WHAT THIS TASK INVOLVES =
Copy the records below without altering a single word.

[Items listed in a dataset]
__________________________________________________

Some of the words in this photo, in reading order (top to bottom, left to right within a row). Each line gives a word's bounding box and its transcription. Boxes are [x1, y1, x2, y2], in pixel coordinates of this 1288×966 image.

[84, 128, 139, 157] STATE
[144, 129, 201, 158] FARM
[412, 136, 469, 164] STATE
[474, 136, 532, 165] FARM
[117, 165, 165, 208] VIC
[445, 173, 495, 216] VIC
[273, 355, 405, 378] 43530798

__________________________________________________

THE ANSWER =
Some of the words in this photo, in reading order (top to bottom, left to right within a row). Each line gives a word's bounding box and its transcription. Boxes are [x1, y1, x2, y2], in pixel coordinates of this 1288×966 image.

[84, 128, 139, 157] STATE
[144, 129, 201, 158] FARM
[412, 136, 469, 164] STATE
[474, 136, 532, 165] FARM
[117, 165, 165, 208] VIC
[445, 173, 495, 216] VIC
[273, 355, 405, 378] 43530798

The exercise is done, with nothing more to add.